● **Problem statement**
Drop every picture, then repeat the records exactly.

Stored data
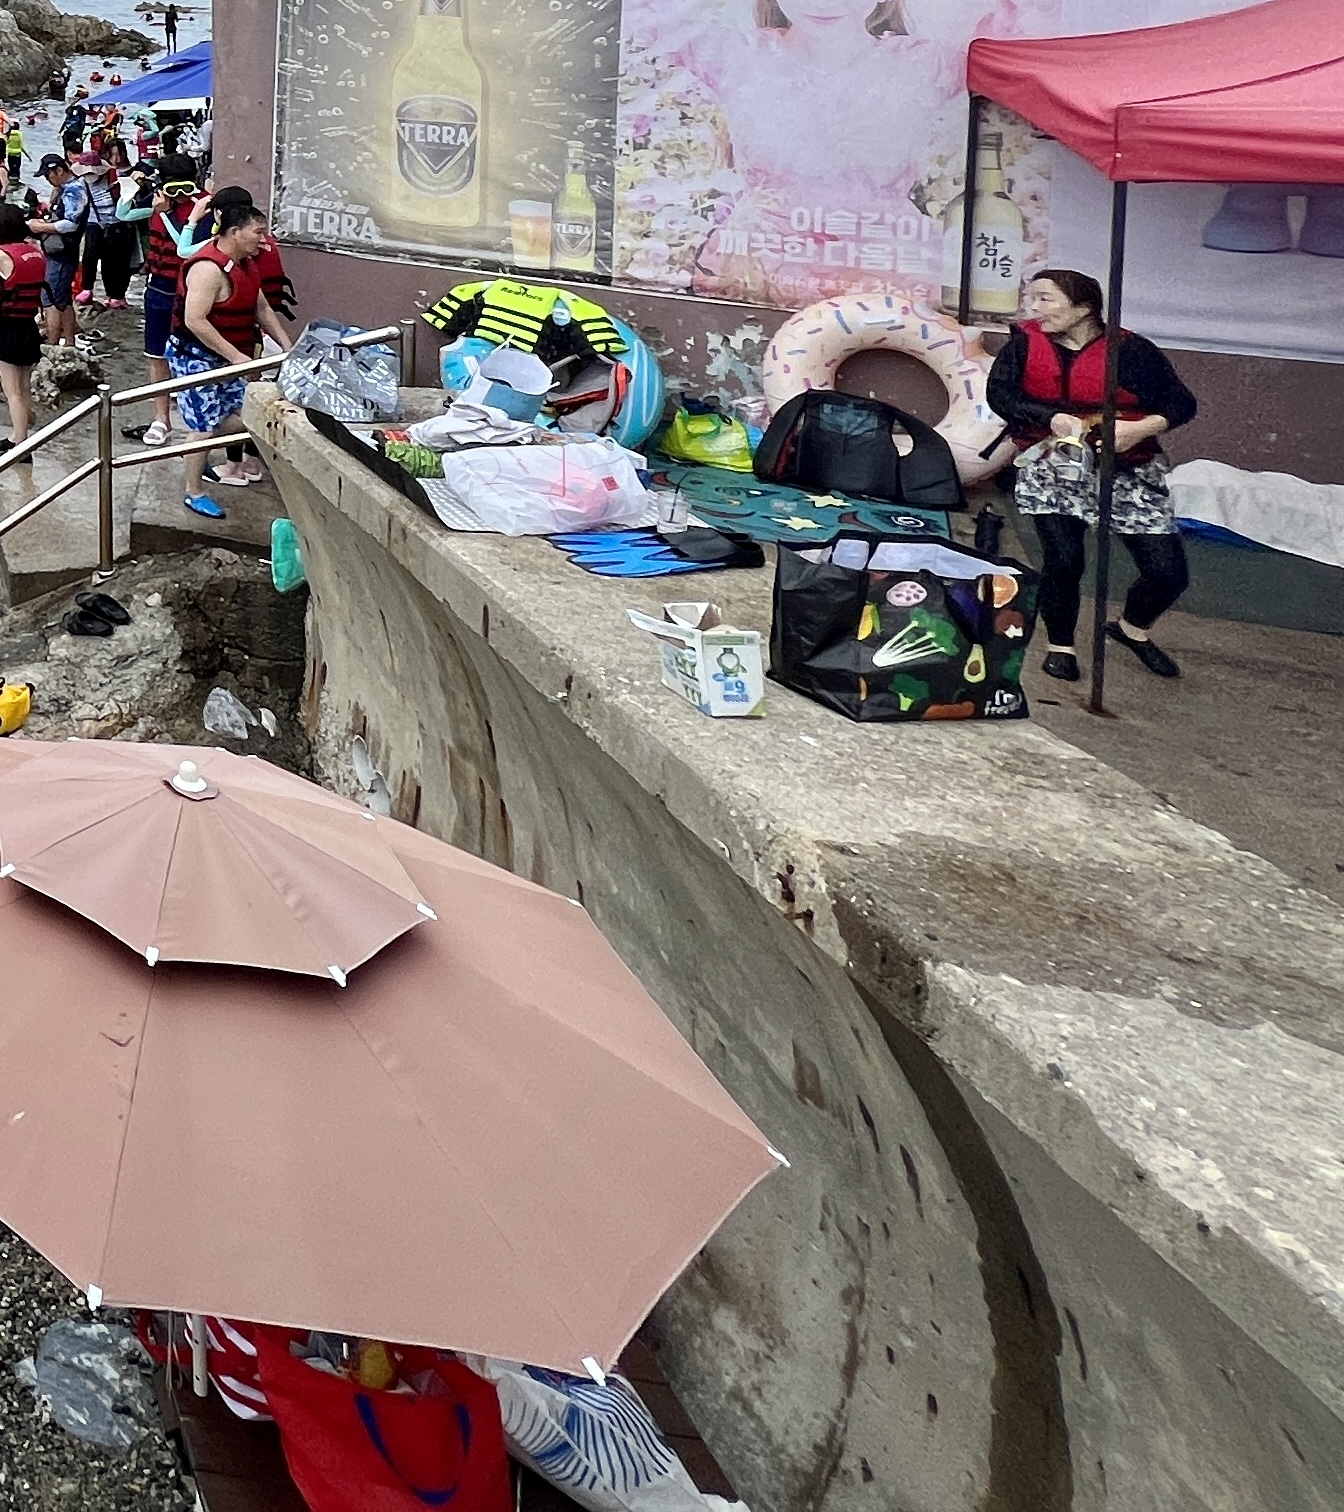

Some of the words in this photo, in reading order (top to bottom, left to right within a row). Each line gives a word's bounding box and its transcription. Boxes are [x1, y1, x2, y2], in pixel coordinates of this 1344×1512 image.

[400, 122, 472, 147] TERRA
[286, 204, 379, 241] TERRA
[555, 223, 592, 236] TERRA
[790, 206, 932, 242] 이슬같이
[717, 229, 818, 263] 깨끗한
[975, 233, 1005, 257] 참
[978, 255, 1014, 278] 이슬
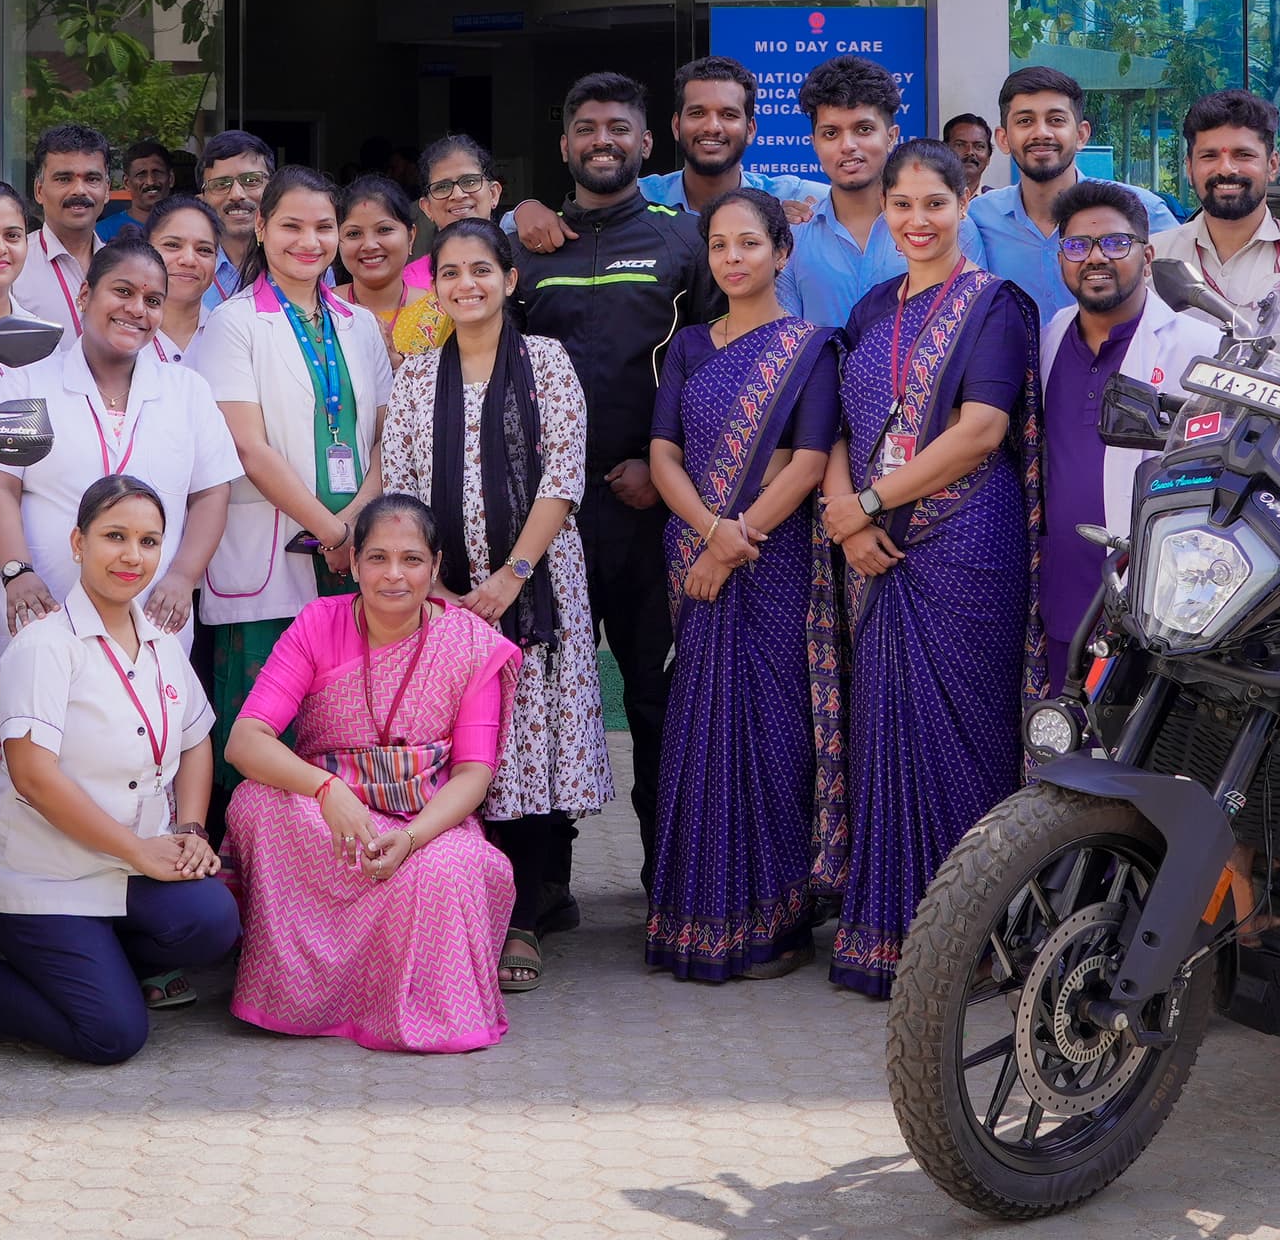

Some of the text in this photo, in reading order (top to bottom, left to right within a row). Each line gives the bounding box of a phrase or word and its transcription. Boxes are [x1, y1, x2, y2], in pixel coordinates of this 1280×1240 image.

[755, 41, 883, 52] MIO DAY CARE
[605, 259, 657, 270] AXOR
[1210, 370, 1237, 394] KA

● **Final answer**
Some of the words in this photo, in reading order (top to bottom, left to right within a row). Each line gives a word's bounding box and its transcription. Boxes are [x1, y1, x2, y2], in pixel coordinates of this 1344×1512 image.

[400, 122, 472, 147] TERRA
[286, 204, 379, 241] TERRA
[555, 223, 592, 236] TERRA
[790, 206, 932, 242] 이슬같이
[717, 229, 818, 263] 깨끗한
[975, 233, 1005, 257] 참
[978, 255, 1014, 278] 이슬

Some of the text in this photo, in reading order (top to bottom, left to right within a row). Each line gives the bounding box of a phrase or word and its transcription. Boxes are [x1, y1, x2, y2], in pixel coordinates of this 1280×1240 image.

[755, 41, 883, 52] MIO DAY CARE
[605, 259, 657, 270] AXOR
[1210, 370, 1237, 394] KA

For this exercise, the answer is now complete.